## Work required
Each entry is to be reproduced verbatim, and images are to be omitted.

Segment Start: Data

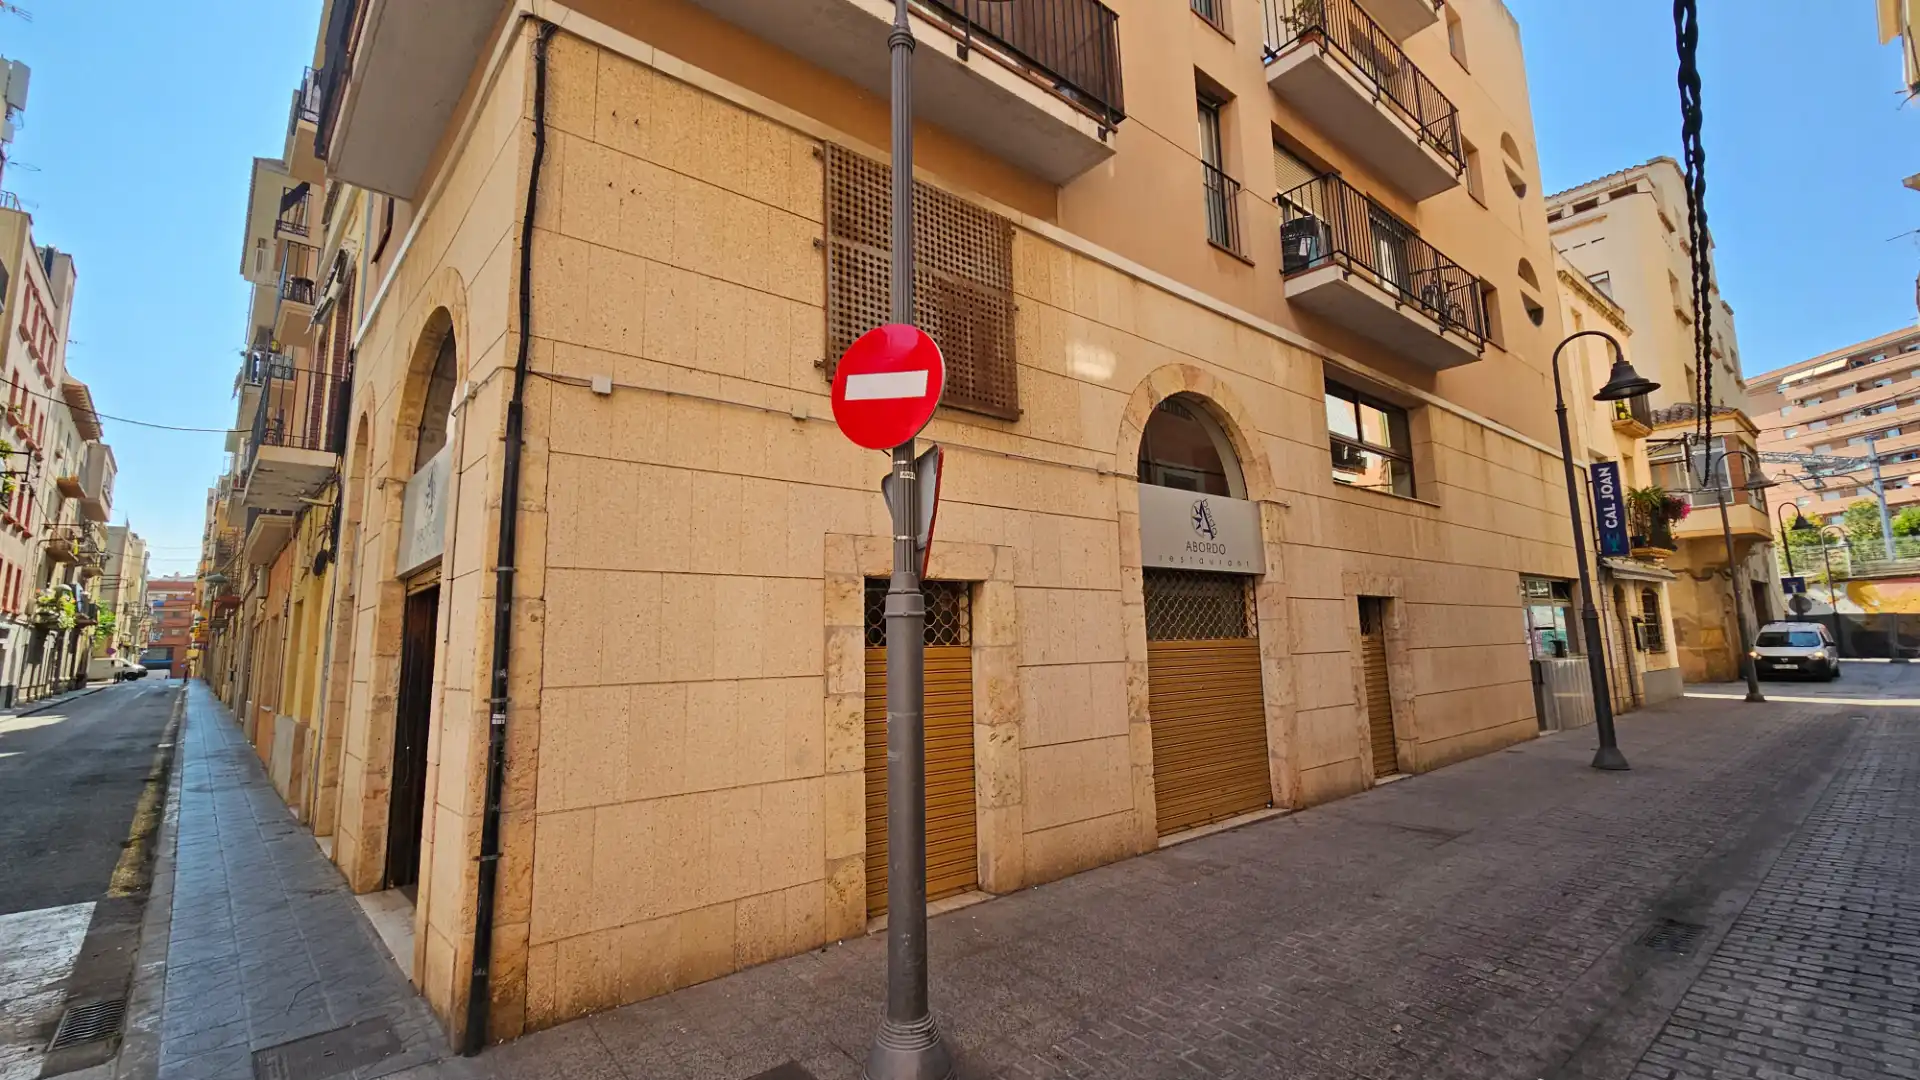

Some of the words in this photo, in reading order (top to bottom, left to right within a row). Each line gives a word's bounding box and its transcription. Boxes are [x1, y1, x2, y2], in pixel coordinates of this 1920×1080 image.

[1598, 467, 1615, 501] JOAN
[1603, 502, 1618, 529] CAL
[1185, 540, 1227, 555] ABORDO
[1158, 554, 1250, 568] restaurant

Segment End: Data

## Solution to this exercise
Some of the words in this photo, in reading order (top to bottom, left to right within a row). Each line gives a word's bounding box and its transcription. Boxes are [x1, y1, x2, y2], in pixel coordinates of this 1920×1080 image.

[1598, 467, 1615, 501] JOAN
[1603, 502, 1618, 529] CAL
[1185, 540, 1227, 555] ABORDO
[1158, 554, 1250, 568] restaurant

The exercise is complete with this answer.